Roles of the conserved CCAAT and GC boxes of the human and mouse type II transforming growth factor-beta receptor genes.

Abstract

Embryonal carcinoma (EC) cells are used widely to study the molecular mechanisms that regulate the transcription of genes during mammalian embryogenesis. The type II transforming growth factor-beta receptor (TbetaR-II) gene is expressed at very low levels by mouse EC cells prior to differentiation. Differentiation of EC cells results in increases of both the steady-state levels of TbetaR-II mRNA and the activity of the TbetaR-II promoter. Several cis-regulatory elements have been shown previously to regulate the TbetaR-II gene.
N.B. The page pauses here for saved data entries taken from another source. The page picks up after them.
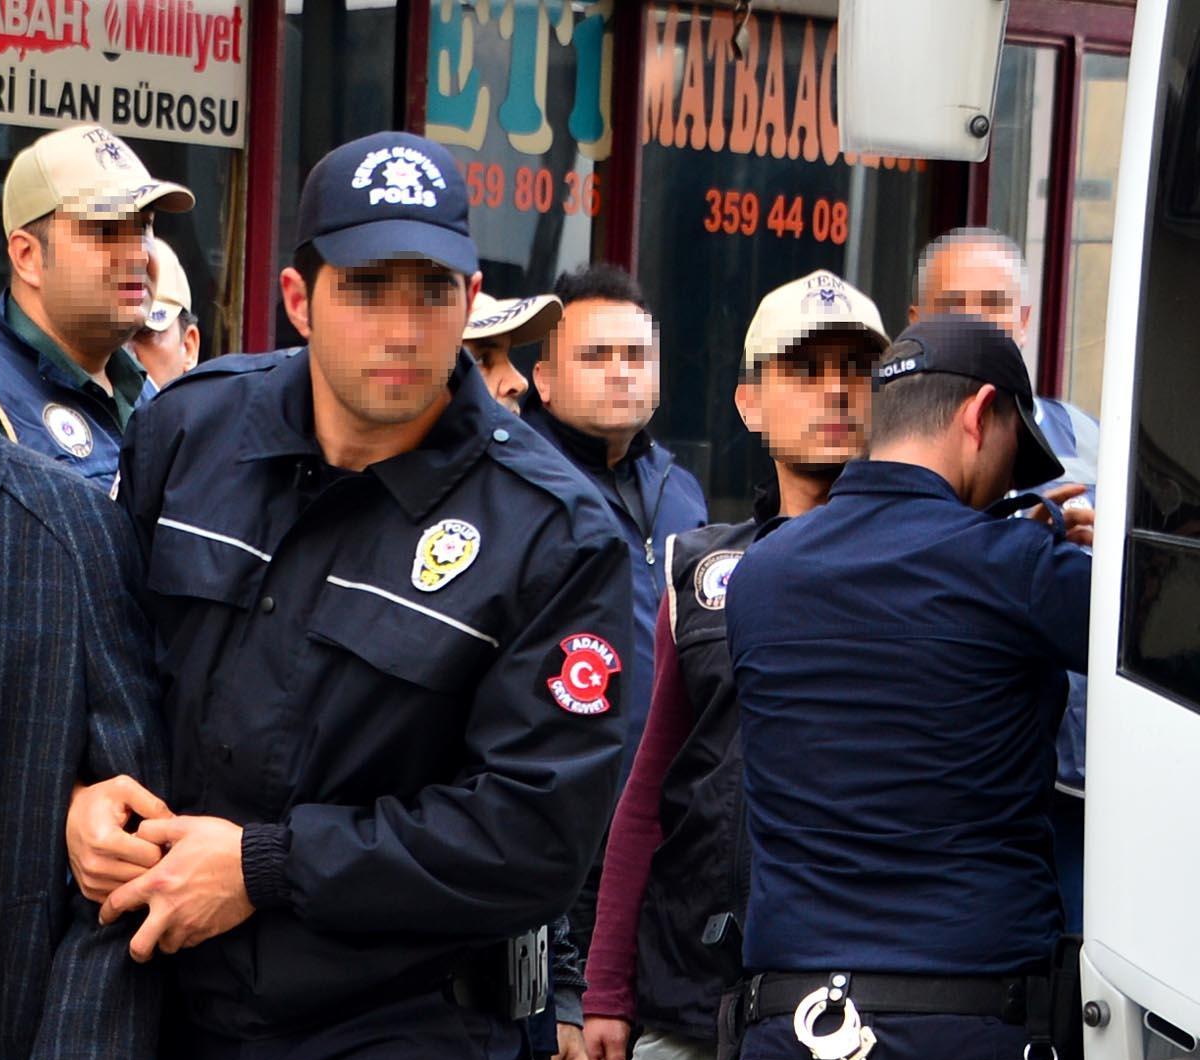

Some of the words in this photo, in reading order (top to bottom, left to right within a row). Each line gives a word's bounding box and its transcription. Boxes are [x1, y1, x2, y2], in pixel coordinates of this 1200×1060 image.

[124, 0, 243, 73] Milliyet
[28, 68, 100, 122] İLAN
[112, 81, 239, 137] BÜROSU
[642, 2, 927, 172] MATBAAC
[457, 160, 505, 209] 59
[514, 165, 554, 213] 80
[563, 170, 601, 217] 36
[704, 189, 760, 236] 359
[767, 194, 804, 239] 44
[812, 198, 849, 245] 08
[572, 637, 614, 666] ADANA
This study focuses on the role of a CCAAT box and three GC boxes in the regulation of the human and mouse TbetaR-II promoters in EC-differentiated cells. We demonstrate that the CCAAT box and two flanking GC boxes, Sp A and Sp B, function as positive regulatory elements in the human TbetaR-II promoter, and that the transcription factor complex NF-Y positively regulates the human TbetaR-II promoter through the CCAAT box motif. We also show that the CCAAT box and the downstream GC box Sp B, which are conserved between the human and mouse promoters, behave as positive regulatory elements in the mouse TbetaR-II promoter. In addition, we demonstrate that the transcription factor Sp1 can bind to the Sp B GC box in vitro. Finally, we show that a GC box located 25 bp upstream of the major transcription start site of the TbetaR-II gene plays a minimal role in the function of the TbetaR-II promoter in EC-differentiated cells. Together, our studies highlight important differences and similarities in the cis-regulatory elements that regulate the human and mouse TbetaR-II promoters.